▸ Your assignment: Transcribe every line of the material below without change, apart from dropping the pictures.
====== Data for processing
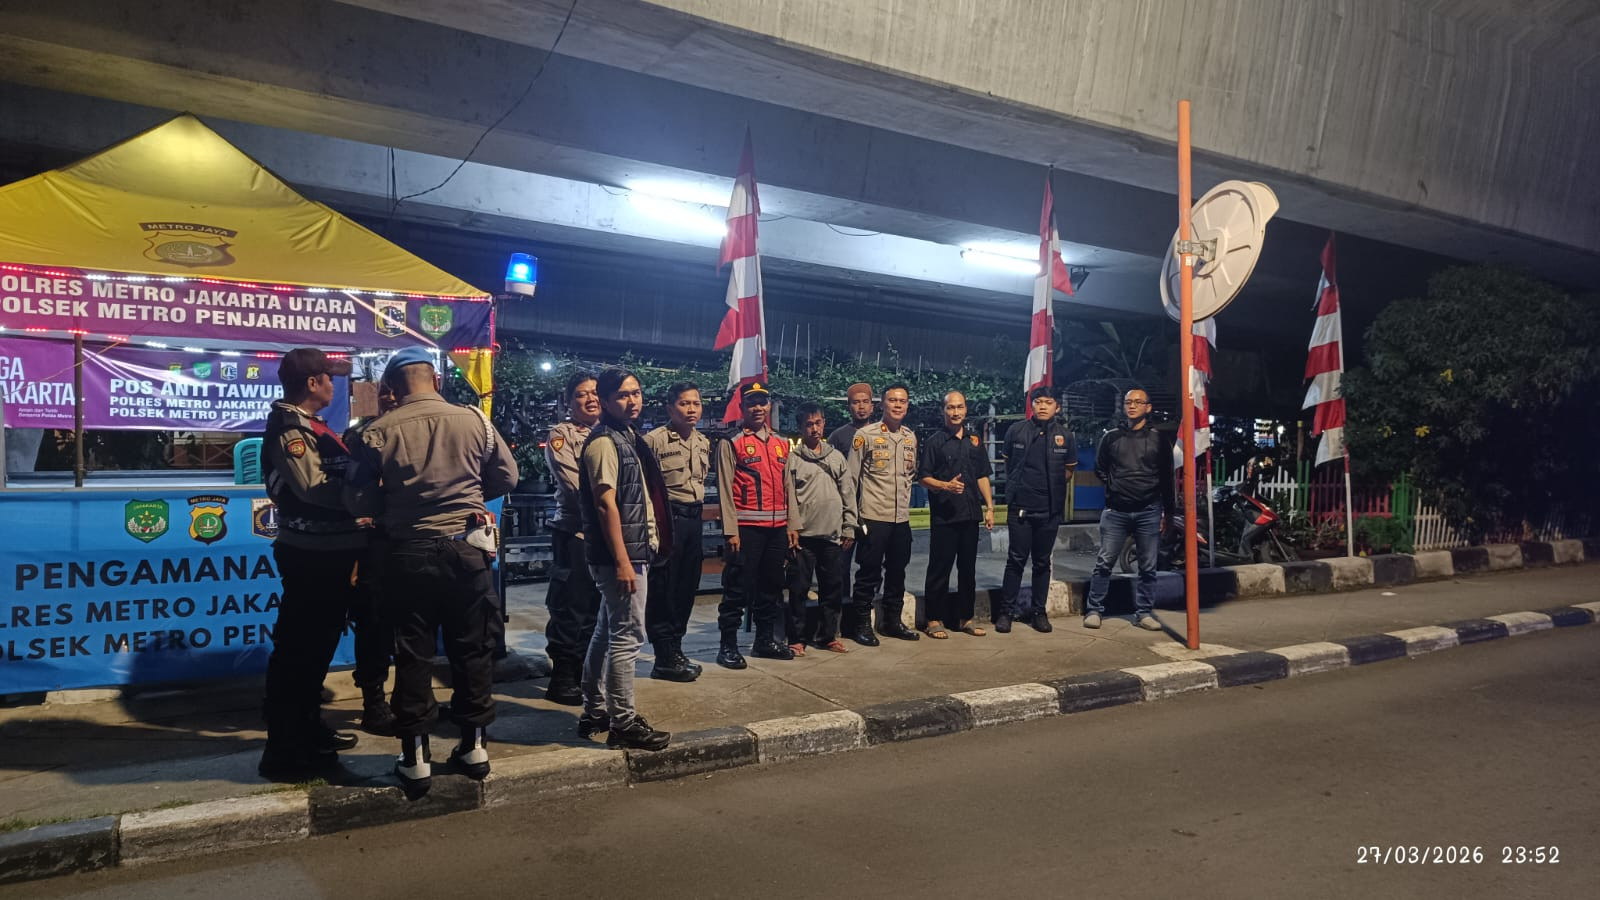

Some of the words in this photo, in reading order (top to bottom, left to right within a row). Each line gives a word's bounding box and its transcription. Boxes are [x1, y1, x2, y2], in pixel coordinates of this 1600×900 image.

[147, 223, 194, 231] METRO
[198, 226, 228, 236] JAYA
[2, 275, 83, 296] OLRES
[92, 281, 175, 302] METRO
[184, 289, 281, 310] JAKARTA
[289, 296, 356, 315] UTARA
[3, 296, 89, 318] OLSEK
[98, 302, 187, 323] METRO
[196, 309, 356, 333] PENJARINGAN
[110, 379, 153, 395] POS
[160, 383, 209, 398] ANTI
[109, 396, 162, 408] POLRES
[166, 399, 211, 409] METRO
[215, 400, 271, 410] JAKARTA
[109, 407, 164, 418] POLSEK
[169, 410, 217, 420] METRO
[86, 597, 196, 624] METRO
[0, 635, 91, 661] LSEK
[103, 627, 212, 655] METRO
============
▸ Your response:
Some of the words in this photo, in reading order (top to bottom, left to right within a row). Each line gives a word's bounding box and its transcription. Boxes are [x1, y1, x2, y2], in pixel coordinates of this 1600×900 image.

[147, 223, 194, 231] METRO
[198, 226, 228, 236] JAYA
[2, 275, 83, 296] OLRES
[92, 281, 175, 302] METRO
[184, 289, 281, 310] JAKARTA
[289, 296, 356, 315] UTARA
[3, 296, 89, 318] OLSEK
[98, 302, 187, 323] METRO
[196, 309, 356, 333] PENJARINGAN
[110, 379, 153, 395] POS
[160, 383, 209, 398] ANTI
[109, 396, 162, 408] POLRES
[166, 399, 211, 409] METRO
[215, 400, 271, 410] JAKARTA
[109, 407, 164, 418] POLSEK
[169, 410, 217, 420] METRO
[86, 597, 196, 624] METRO
[0, 635, 91, 661] LSEK
[103, 627, 212, 655] METRO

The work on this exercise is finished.